* INPUT MATERIAL:
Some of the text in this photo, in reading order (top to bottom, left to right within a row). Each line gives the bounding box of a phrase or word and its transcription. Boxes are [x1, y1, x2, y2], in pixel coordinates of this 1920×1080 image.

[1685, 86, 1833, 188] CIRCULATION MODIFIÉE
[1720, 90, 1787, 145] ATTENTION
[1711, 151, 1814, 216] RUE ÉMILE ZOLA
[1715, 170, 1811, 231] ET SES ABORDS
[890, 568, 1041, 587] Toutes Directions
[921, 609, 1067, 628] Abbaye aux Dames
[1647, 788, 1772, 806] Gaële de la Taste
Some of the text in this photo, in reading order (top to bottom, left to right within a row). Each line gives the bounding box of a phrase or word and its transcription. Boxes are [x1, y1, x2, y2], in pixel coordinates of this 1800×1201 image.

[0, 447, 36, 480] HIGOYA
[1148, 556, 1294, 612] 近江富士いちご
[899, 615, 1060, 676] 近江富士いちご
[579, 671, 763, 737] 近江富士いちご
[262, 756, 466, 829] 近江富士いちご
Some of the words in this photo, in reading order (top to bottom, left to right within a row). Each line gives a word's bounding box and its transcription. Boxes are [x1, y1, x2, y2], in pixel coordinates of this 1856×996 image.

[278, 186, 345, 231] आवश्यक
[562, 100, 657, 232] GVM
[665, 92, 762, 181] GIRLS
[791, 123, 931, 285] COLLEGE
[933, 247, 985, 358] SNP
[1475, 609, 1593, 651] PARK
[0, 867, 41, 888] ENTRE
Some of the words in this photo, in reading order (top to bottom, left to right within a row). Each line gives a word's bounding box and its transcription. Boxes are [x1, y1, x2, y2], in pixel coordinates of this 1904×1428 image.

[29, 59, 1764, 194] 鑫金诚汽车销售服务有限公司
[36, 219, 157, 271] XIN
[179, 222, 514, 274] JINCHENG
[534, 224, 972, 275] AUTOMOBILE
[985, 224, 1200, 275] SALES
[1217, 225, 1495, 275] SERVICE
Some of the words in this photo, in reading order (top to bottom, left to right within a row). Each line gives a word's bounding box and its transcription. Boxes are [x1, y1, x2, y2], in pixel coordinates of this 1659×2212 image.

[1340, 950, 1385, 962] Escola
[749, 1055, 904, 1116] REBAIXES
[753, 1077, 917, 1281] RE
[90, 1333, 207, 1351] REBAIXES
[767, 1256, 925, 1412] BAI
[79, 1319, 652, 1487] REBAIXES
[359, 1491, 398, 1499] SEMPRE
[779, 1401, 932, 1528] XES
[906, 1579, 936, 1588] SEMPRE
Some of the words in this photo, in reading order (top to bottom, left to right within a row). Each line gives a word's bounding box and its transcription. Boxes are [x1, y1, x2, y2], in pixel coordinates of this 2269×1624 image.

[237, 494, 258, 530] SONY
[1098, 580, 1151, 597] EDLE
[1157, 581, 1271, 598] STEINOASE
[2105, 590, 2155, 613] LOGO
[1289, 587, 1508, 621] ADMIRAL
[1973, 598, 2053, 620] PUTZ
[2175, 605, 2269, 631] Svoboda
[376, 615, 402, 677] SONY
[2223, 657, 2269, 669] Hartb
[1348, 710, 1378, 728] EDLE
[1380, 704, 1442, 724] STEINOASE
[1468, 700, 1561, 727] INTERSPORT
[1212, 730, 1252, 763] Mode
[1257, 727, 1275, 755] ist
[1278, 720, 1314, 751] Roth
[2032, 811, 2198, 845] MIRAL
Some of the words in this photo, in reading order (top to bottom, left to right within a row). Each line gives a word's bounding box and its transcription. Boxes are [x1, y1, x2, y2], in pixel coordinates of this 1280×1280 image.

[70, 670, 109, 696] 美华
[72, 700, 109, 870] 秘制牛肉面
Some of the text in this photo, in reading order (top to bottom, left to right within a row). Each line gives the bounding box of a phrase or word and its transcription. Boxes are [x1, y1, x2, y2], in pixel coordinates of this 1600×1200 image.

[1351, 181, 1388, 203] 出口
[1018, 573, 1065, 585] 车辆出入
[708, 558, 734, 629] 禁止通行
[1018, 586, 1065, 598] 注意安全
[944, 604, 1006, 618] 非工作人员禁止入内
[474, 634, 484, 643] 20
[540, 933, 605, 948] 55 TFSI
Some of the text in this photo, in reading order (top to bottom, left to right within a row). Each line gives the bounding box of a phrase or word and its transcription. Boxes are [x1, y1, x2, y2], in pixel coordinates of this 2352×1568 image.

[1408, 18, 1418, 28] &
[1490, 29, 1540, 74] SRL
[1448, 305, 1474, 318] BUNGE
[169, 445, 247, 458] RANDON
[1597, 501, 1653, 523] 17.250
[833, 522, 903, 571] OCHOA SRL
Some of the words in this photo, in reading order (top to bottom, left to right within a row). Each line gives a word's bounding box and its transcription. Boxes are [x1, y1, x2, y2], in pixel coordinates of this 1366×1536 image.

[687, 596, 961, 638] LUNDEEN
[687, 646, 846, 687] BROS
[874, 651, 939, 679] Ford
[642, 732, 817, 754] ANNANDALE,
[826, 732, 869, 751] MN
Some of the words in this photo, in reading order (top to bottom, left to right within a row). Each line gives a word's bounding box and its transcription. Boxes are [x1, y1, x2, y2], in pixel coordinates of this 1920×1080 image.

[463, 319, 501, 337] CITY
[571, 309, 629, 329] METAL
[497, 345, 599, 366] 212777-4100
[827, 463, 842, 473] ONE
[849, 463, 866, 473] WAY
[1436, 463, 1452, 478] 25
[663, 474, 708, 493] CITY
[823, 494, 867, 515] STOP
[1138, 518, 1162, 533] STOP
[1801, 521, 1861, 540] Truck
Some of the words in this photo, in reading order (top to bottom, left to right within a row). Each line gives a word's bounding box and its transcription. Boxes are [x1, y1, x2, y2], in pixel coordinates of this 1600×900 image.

* WHAT TO DO:
Every line of the material is to be set down again verbatim.

* RESPONSE:
Some of the text in this photo, in reading order (top to bottom, left to right within a row). Each line gives the bounding box of a phrase or word and its transcription. Boxes are [x1, y1, x2, y2], in pixel coordinates of this 1920×1080 image.

[1685, 86, 1833, 188] CIRCULATION MODIFIÉE
[1720, 90, 1787, 145] ATTENTION
[1711, 151, 1814, 216] RUE ÉMILE ZOLA
[1715, 170, 1811, 231] ET SES ABORDS
[890, 568, 1041, 587] Toutes Directions
[921, 609, 1067, 628] Abbaye aux Dames
[1647, 788, 1772, 806] Gaële de la Taste
Some of the text in this photo, in reading order (top to bottom, left to right within a row). Each line gives the bounding box of a phrase or word and its transcription. Boxes are [x1, y1, x2, y2], in pixel coordinates of this 1800×1201 image.

[0, 447, 36, 480] HIGOYA
[1148, 556, 1294, 612] 近江富士いちご
[899, 615, 1060, 676] 近江富士いちご
[579, 671, 763, 737] 近江富士いちご
[262, 756, 466, 829] 近江富士いちご
Some of the words in this photo, in reading order (top to bottom, left to right within a row). Each line gives a word's bounding box and its transcription. Boxes are [x1, y1, x2, y2], in pixel coordinates of this 1856×996 image.

[278, 186, 345, 231] आवश्यक
[562, 100, 657, 232] GVM
[665, 92, 762, 181] GIRLS
[791, 123, 931, 285] COLLEGE
[933, 247, 985, 358] SNP
[1475, 609, 1593, 651] PARK
[0, 867, 41, 888] ENTRE
Some of the words in this photo, in reading order (top to bottom, left to right within a row). Each line gives a word's bounding box and its transcription. Boxes are [x1, y1, x2, y2], in pixel coordinates of this 1904×1428 image.

[29, 59, 1764, 194] 鑫金诚汽车销售服务有限公司
[36, 219, 157, 271] XIN
[179, 222, 514, 274] JINCHENG
[534, 224, 972, 275] AUTOMOBILE
[985, 224, 1200, 275] SALES
[1217, 225, 1495, 275] SERVICE
Some of the words in this photo, in reading order (top to bottom, left to right within a row). Each line gives a word's bounding box and its transcription. Boxes are [x1, y1, x2, y2], in pixel coordinates of this 1659×2212 image.

[1340, 950, 1385, 962] Escola
[749, 1055, 904, 1116] REBAIXES
[753, 1077, 917, 1281] RE
[90, 1333, 207, 1351] REBAIXES
[767, 1256, 925, 1412] BAI
[79, 1319, 652, 1487] REBAIXES
[359, 1491, 398, 1499] SEMPRE
[779, 1401, 932, 1528] XES
[906, 1579, 936, 1588] SEMPRE
Some of the words in this photo, in reading order (top to bottom, left to right within a row). Each line gives a word's bounding box and its transcription. Boxes are [x1, y1, x2, y2], in pixel coordinates of this 2269×1624 image.

[237, 494, 258, 530] SONY
[1098, 580, 1151, 597] EDLE
[1157, 581, 1271, 598] STEINOASE
[2105, 590, 2155, 613] LOGO
[1289, 587, 1508, 621] ADMIRAL
[1973, 598, 2053, 620] PUTZ
[2175, 605, 2269, 631] Svoboda
[376, 615, 402, 677] SONY
[2223, 657, 2269, 669] Hartb
[1348, 710, 1378, 728] EDLE
[1380, 704, 1442, 724] STEINOASE
[1468, 700, 1561, 727] INTERSPORT
[1212, 730, 1252, 763] Mode
[1257, 727, 1275, 755] ist
[1278, 720, 1314, 751] Roth
[2032, 811, 2198, 845] MIRAL
Some of the words in this photo, in reading order (top to bottom, left to right within a row). Each line gives a word's bounding box and its transcription. Boxes are [x1, y1, x2, y2], in pixel coordinates of this 1280×1280 image.

[70, 670, 109, 696] 美华
[72, 700, 109, 870] 秘制牛肉面
Some of the text in this photo, in reading order (top to bottom, left to right within a row). Each line gives the bounding box of a phrase or word and its transcription. Boxes are [x1, y1, x2, y2], in pixel coordinates of this 1600×1200 image.

[1351, 181, 1388, 203] 出口
[1018, 573, 1065, 585] 车辆出入
[708, 558, 734, 629] 禁止通行
[1018, 586, 1065, 598] 注意安全
[944, 604, 1006, 618] 非工作人员禁止入内
[474, 634, 484, 643] 20
[540, 933, 605, 948] 55 TFSI
Some of the text in this photo, in reading order (top to bottom, left to right within a row). Each line gives the bounding box of a phrase or word and its transcription. Boxes are [x1, y1, x2, y2], in pixel coordinates of this 2352×1568 image.

[1408, 18, 1418, 28] &
[1490, 29, 1540, 74] SRL
[1448, 305, 1474, 318] BUNGE
[169, 445, 247, 458] RANDON
[1597, 501, 1653, 523] 17.250
[833, 522, 903, 571] OCHOA SRL
Some of the words in this photo, in reading order (top to bottom, left to right within a row). Each line gives a word's bounding box and its transcription. Boxes are [x1, y1, x2, y2], in pixel coordinates of this 1366×1536 image.

[687, 596, 961, 638] LUNDEEN
[687, 646, 846, 687] BROS
[874, 651, 939, 679] Ford
[642, 732, 817, 754] ANNANDALE,
[826, 732, 869, 751] MN
Some of the words in this photo, in reading order (top to bottom, left to right within a row). Each line gives a word's bounding box and its transcription. Boxes are [x1, y1, x2, y2], in pixel coordinates of this 1920×1080 image.

[463, 319, 501, 337] CITY
[571, 309, 629, 329] METAL
[497, 345, 599, 366] 212777-4100
[827, 463, 842, 473] ONE
[849, 463, 866, 473] WAY
[1436, 463, 1452, 478] 25
[663, 474, 708, 493] CITY
[823, 494, 867, 515] STOP
[1138, 518, 1162, 533] STOP
[1801, 521, 1861, 540] Truck
Some of the words in this photo, in reading order (top to bottom, left to right within a row). Each line gives a word's bounding box and its transcription. Boxes are [x1, y1, x2, y2], in pixel coordinates of this 1600×900 image.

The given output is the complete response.